— Меня это интересует, потому что мой муж уже два года воюет, я два года одна по чужим углам маюсь, а вы даёте деньги, чтобы этой войне вообще конца-края не было. Если вы уж так хотите победы, взяли бы да сами пошли воевать. Легко вам рассуждать о победе, не слыша выстрелов и кушая белый хлеб с маслом.
— Послушайте, Доротея Георгиевна, вы, кажется, забываетесь! — промолвил опешивший адвокат.
— Нет, я не забываюсь! Я с вами после этого и минуты под одной крышей не останусь! — и она, бросив на стол перед поражёнными хозяевами сорванный с себя белый передник, покинула их в тот же миг, даже несколько вскинув голову, чего от неё уж никак нельзя было ожидать.
Правда, она потом за свою гордость дорого заплатила, так как работы в таком маленьком городишке, как Екатеринштадт, найти было почти невозможно. Голодали они с сыном постоянно, а иногда даже очень голодали: то есть, не ели сутками, но к адвокату она бы уже не вернулась ни за что, даже, если бы пришлось им обоим помереть. Уж так сильна была её обида. И вот, когда её уже из занимаемых углов погнали за неуплату, и осень на носу, и деваться некуда, и мысль — не надеть ли себе петлю на шею — стала неотвязной, пришло спасение, откуда и ждать было нельзя. В конце лета шестнадцатого года нашёл её посланный мужниным братом Иваном и передал, что получил тот письмо от Эдуарда. Ох, как она обрадовалась – жив муж! Жив! Теперь-то она его дождётся. Не может же война длиться вечно!
Приехала она к Ивану в Розенгейм. Показал он ей письмо от Эдуарда, в котором тот сообщал, что жив, здоров и просил брата позаботиться о жене и сыне до своего возвращения.
— Ну что ж, оставайся. Пропитания нам хватит, а питать я тебя буду не просто так, а за работу, так что нахлебницей не будешь. Кстати, ты завтракала?
— Да, завтракала.
— Вот хорошо, тогда мы сразу поедем в поле. Будешь снопы вязать.
Вечером, когда они усталые, сели за стол, пришёл Альфред — Иванов сын, живший в их старом доме, который они в 1906 году продали Ивану, уезжая в Екатеринштадт. Правильно сказать, жил он в Розенгейме летом, как на даче, а большую часть года проводил в Екатеринштадте или Покровске[73], где у него было какое-то своё дело. Оказывается, Альфред собрался уезжать в Америку, и все семейные разговоры и думы вертелись вокруг предстоящего отъезда.
— Дядя Христиан пишет: в Америке уже не корячатся, как мы, на полях. Там давно забыли, что такое серп и что такое сноп. Всё машины делают, которые комбайнами называются. Они и косят, и молотят, и готовое зерно сами в мешки затаривают.

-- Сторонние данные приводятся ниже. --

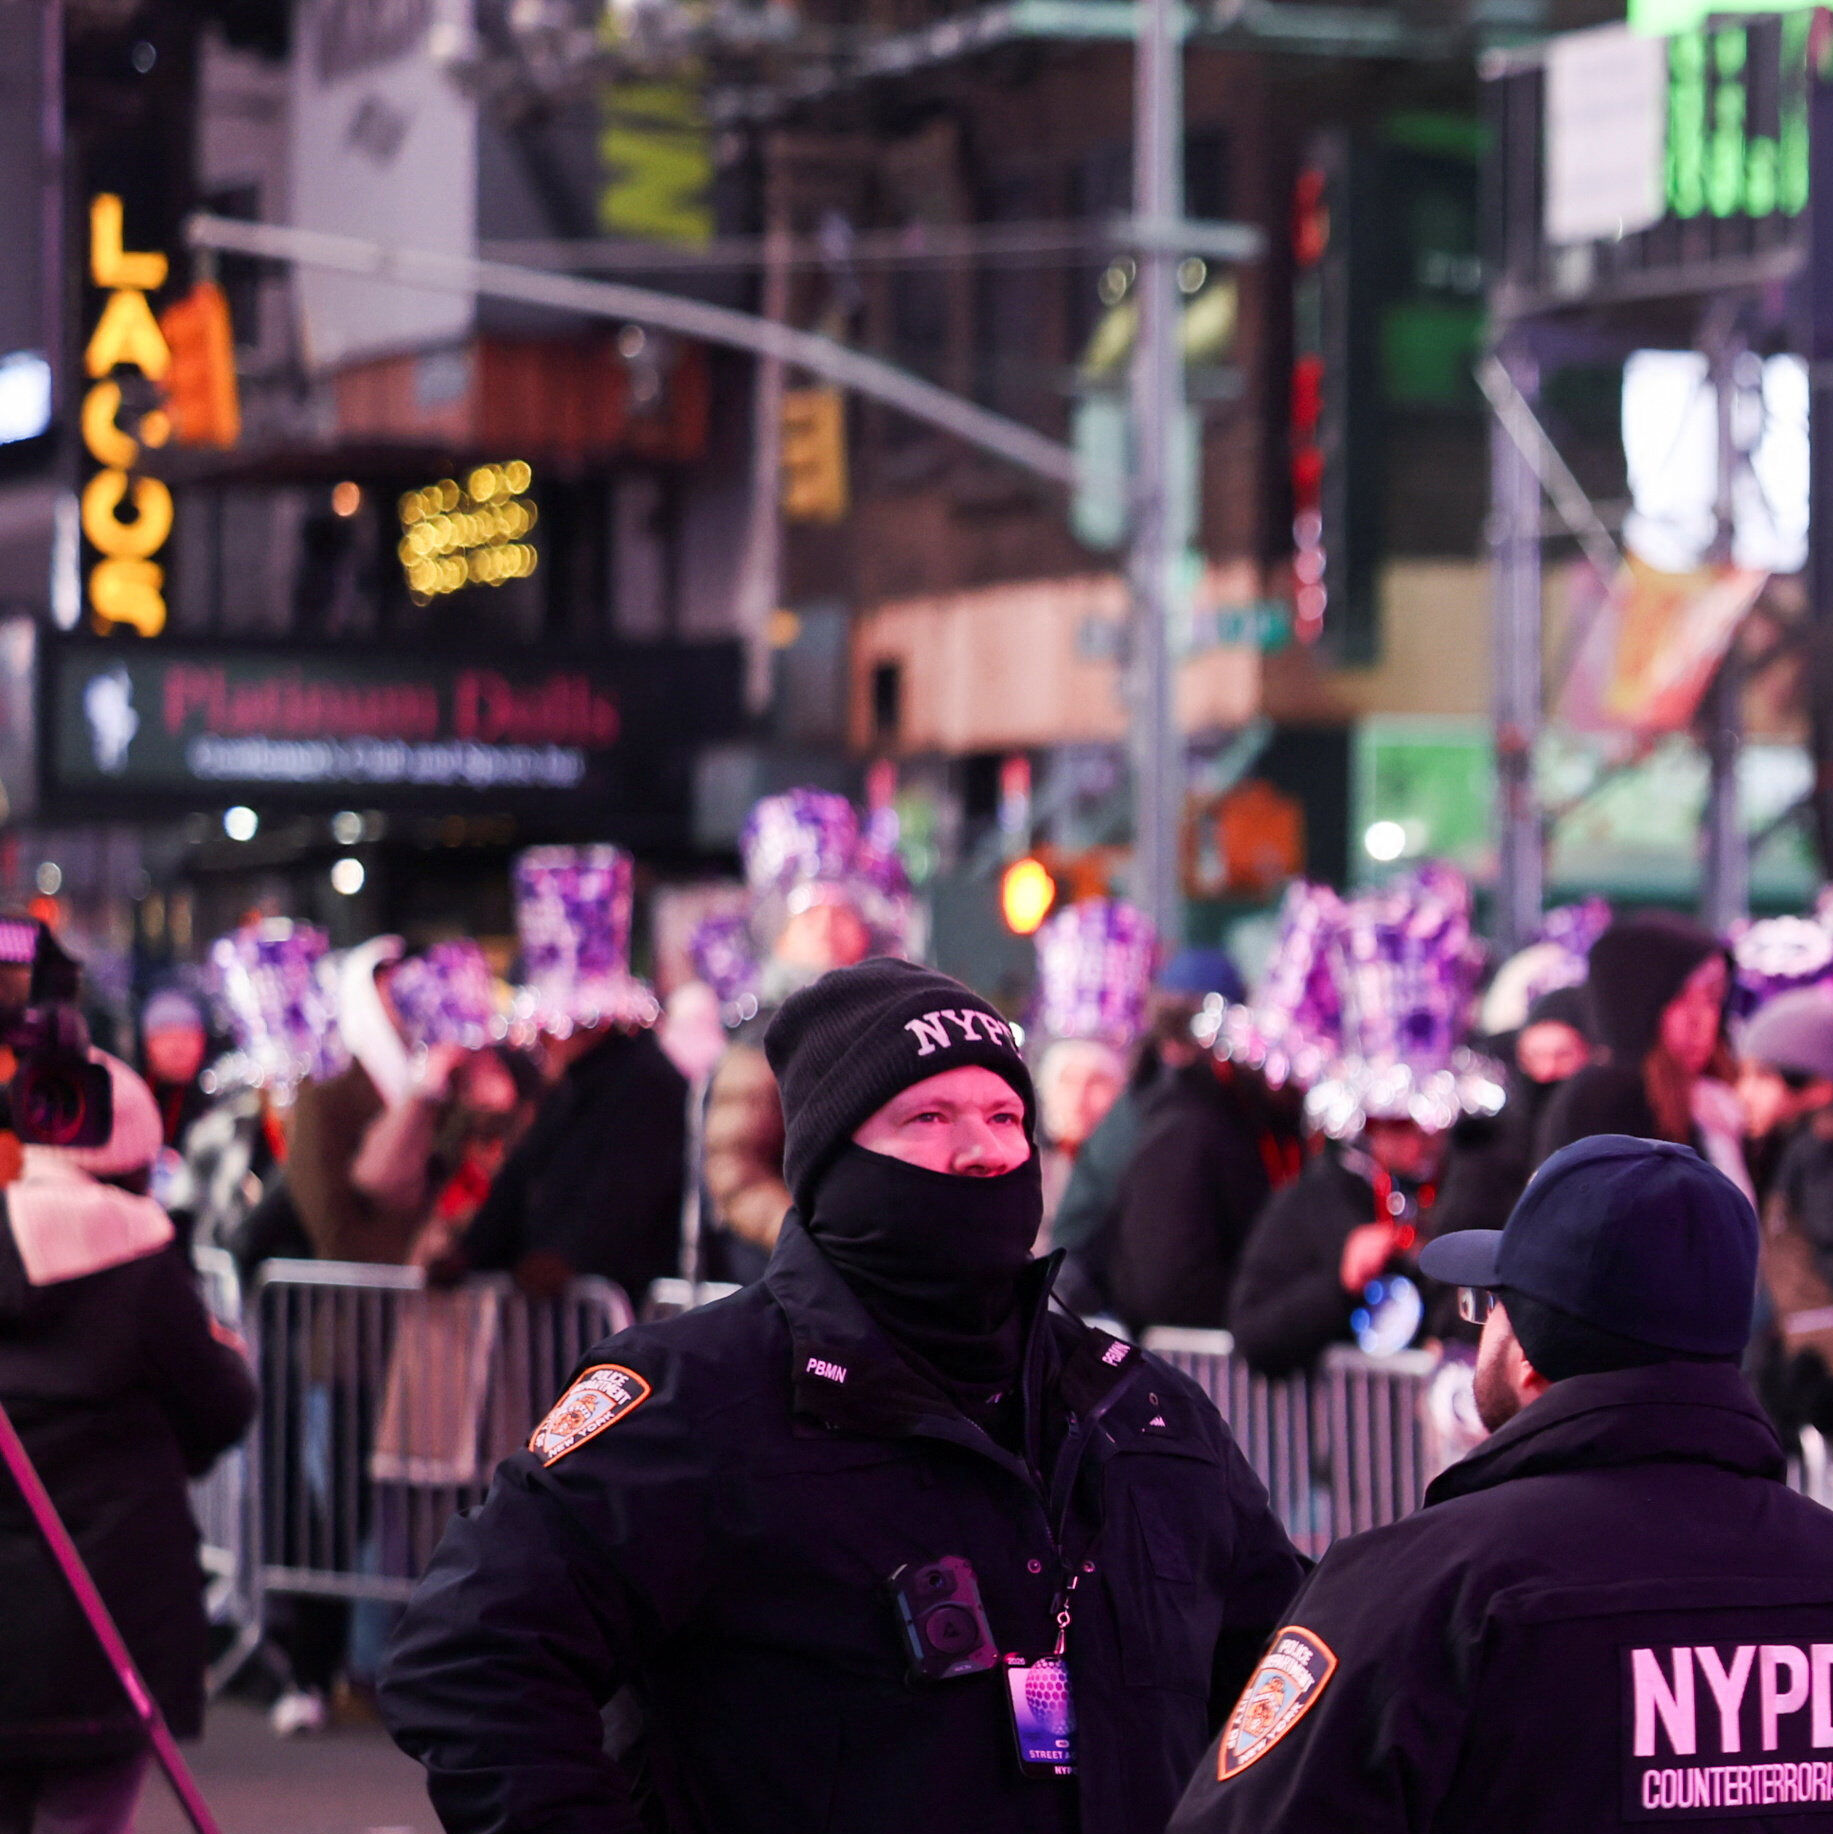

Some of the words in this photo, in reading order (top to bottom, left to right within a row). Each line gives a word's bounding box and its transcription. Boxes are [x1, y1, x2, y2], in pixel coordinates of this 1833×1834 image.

— Надо же! — только и смогла сказать Доротея, потому что у неё язык после сегодняшнего рабочего дня заплетался.
— Бежать надо, тётя! Драпать, и как можно скорей! Просто так эта война не кончится. Бить нас будут. Волынских немцев уже выгнали, как собак, из их домов, вон они скитаются по чужим людям, места не могут найти. Скоро и до нас доберутся. Я, как война началась, сразу снёсся с дядей Христианом, чтоб он помог мне документы выправить. Вот только своим старикам не могу того же внушить.
Иванова жена – Элизабет – словно оправдываясь, сказала видно не раз уже сказанное:
— Да мы что ж! Мы старики! Здесь родились, здесь и помрём. Хоть и нет у нас ничего стоящего — всё барахло — а своим горбом нажито. Как бросить?
— Вот начнётся заваруха, ещё и отберут у вас всё и не станут разбирать чем нажито. Немец? – На тебе, немецкая морда, по морде! С немцами ведь воюем! Вся ненависть на нас обернётся! Неужели непонятно?!
— Да ладно уж, Альфред. Что всем, то и нам. Вы молодые, поезжайте, а нам — что Бог пошлёт.
— Вы бы уже в тысяча девятьсот шестом году могли уехать с дядей Христианом! Вон он как живёт! Дом в два этажа, собственный авто с шофёром. Эх вы, лапти!
Ох и умный Альфред, ведь верно чувствовал. Под Рождество шестнадцатого года только и разговоров было, что немцев выселят с Волги и пешком в Сибирь.
Сомневающиеся говорили:
— Не может этого быть. Сама царица немка, она не допустит.
— Да в царице-то всё и дело. Говорят, она немецкая шпионка, все военные планы немцам выдала, из-за неё все поражения русских и вся злоба на нас, немцев.